_Task description:_ Down to the last line, transcribe the records verbatim and exclude the images.

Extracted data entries
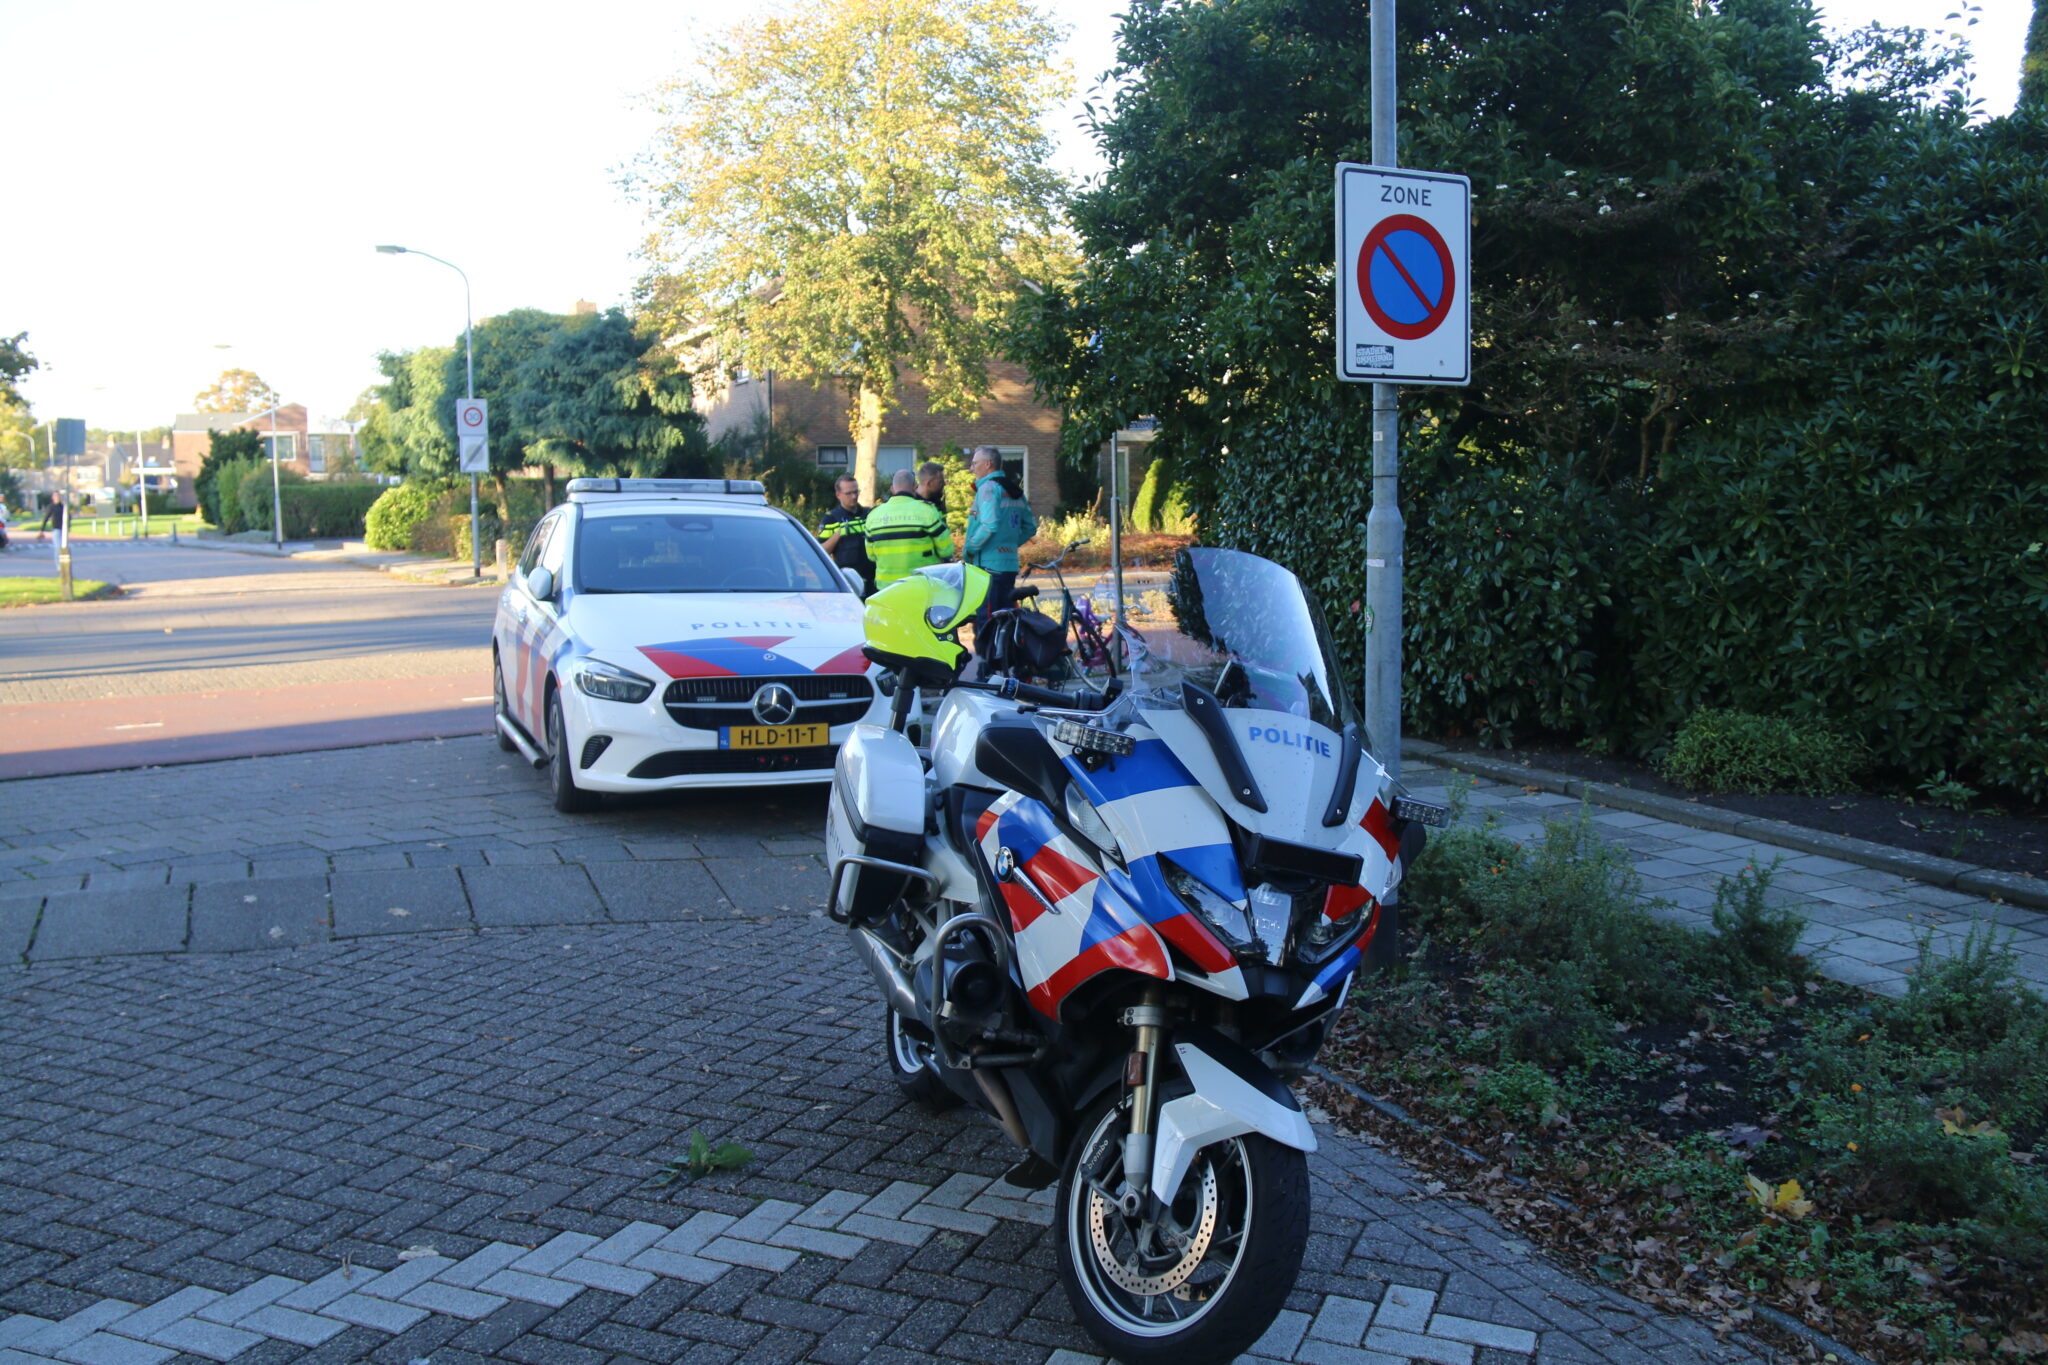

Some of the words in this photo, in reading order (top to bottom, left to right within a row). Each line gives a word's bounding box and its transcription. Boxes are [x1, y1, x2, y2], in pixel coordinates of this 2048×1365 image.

[1381, 185, 1432, 206] ZONE
[690, 621, 813, 630] POLITIE
[740, 727, 817, 746] HLD-11-T
[1248, 726, 1331, 758] POLITIE
[1087, 1139, 1109, 1170] brembo
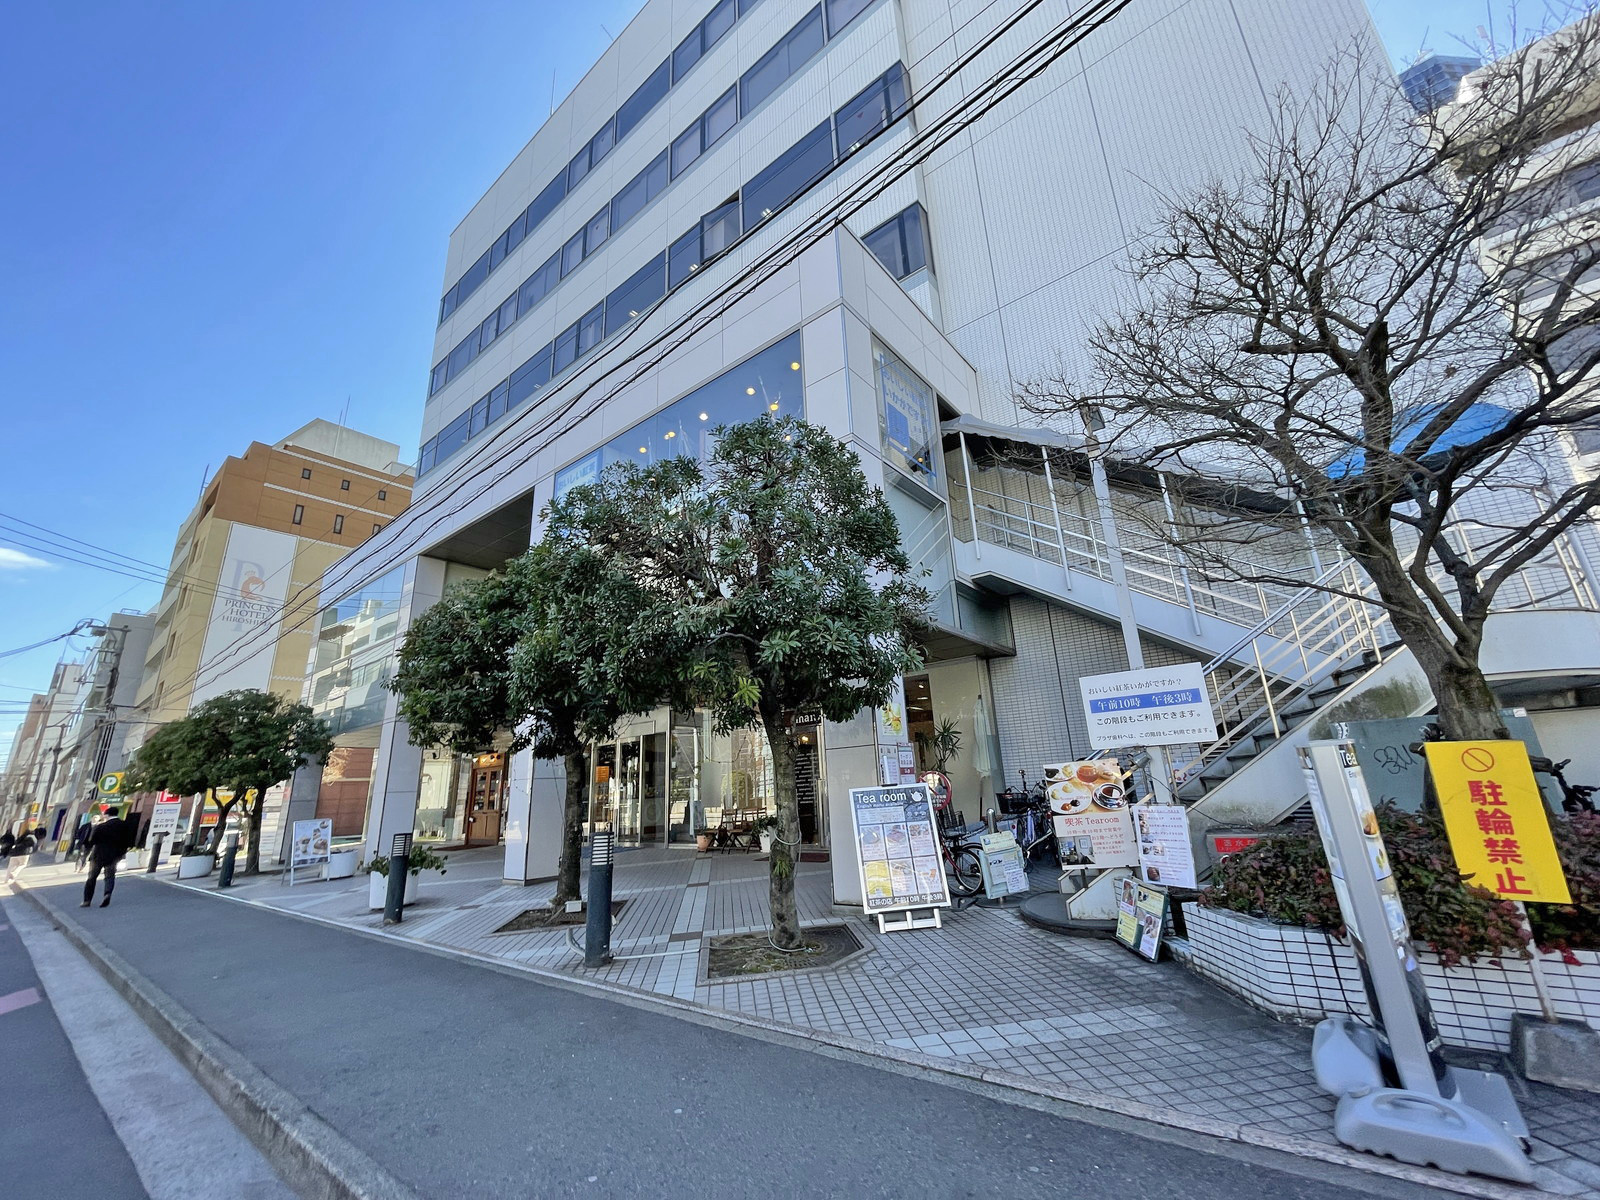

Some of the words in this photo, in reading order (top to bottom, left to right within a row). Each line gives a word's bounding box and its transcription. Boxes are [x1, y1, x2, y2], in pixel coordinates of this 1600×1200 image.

[225, 599, 278, 613] PRINCESS
[230, 608, 266, 619] HOTEL
[1097, 697, 1140, 711] 午前10時
[1152, 691, 1192, 705] 午後3時
[1096, 709, 1201, 726] この階段もご利用できます。
[1339, 749, 1358, 767] Tea
[104, 776, 117, 790] P
[856, 793, 876, 804] Tea
[879, 792, 907, 803] room
[1064, 817, 1084, 827] 喫茶
[1085, 816, 1120, 825] Tearoom
[1467, 780, 1533, 895] 駐輪禁止

_Answer section:_
Some of the words in this photo, in reading order (top to bottom, left to right within a row). Each line gives a word's bounding box and its transcription. Boxes are [x1, y1, x2, y2], in pixel coordinates of this 2048×1365 image.

[1381, 185, 1432, 206] ZONE
[690, 621, 813, 630] POLITIE
[740, 727, 817, 746] HLD-11-T
[1248, 726, 1331, 758] POLITIE
[1087, 1139, 1109, 1170] brembo

Some of the words in this photo, in reading order (top to bottom, left to right within a row). Each line gives a word's bounding box and its transcription. Boxes are [x1, y1, x2, y2], in pixel coordinates of this 1600×1200 image.

[225, 599, 278, 613] PRINCESS
[230, 608, 266, 619] HOTEL
[1097, 697, 1140, 711] 午前10時
[1152, 691, 1192, 705] 午後3時
[1096, 709, 1201, 726] この階段もご利用できます。
[1339, 749, 1358, 767] Tea
[104, 776, 117, 790] P
[856, 793, 876, 804] Tea
[879, 792, 907, 803] room
[1064, 817, 1084, 827] 喫茶
[1085, 816, 1120, 825] Tearoom
[1467, 780, 1533, 895] 駐輪禁止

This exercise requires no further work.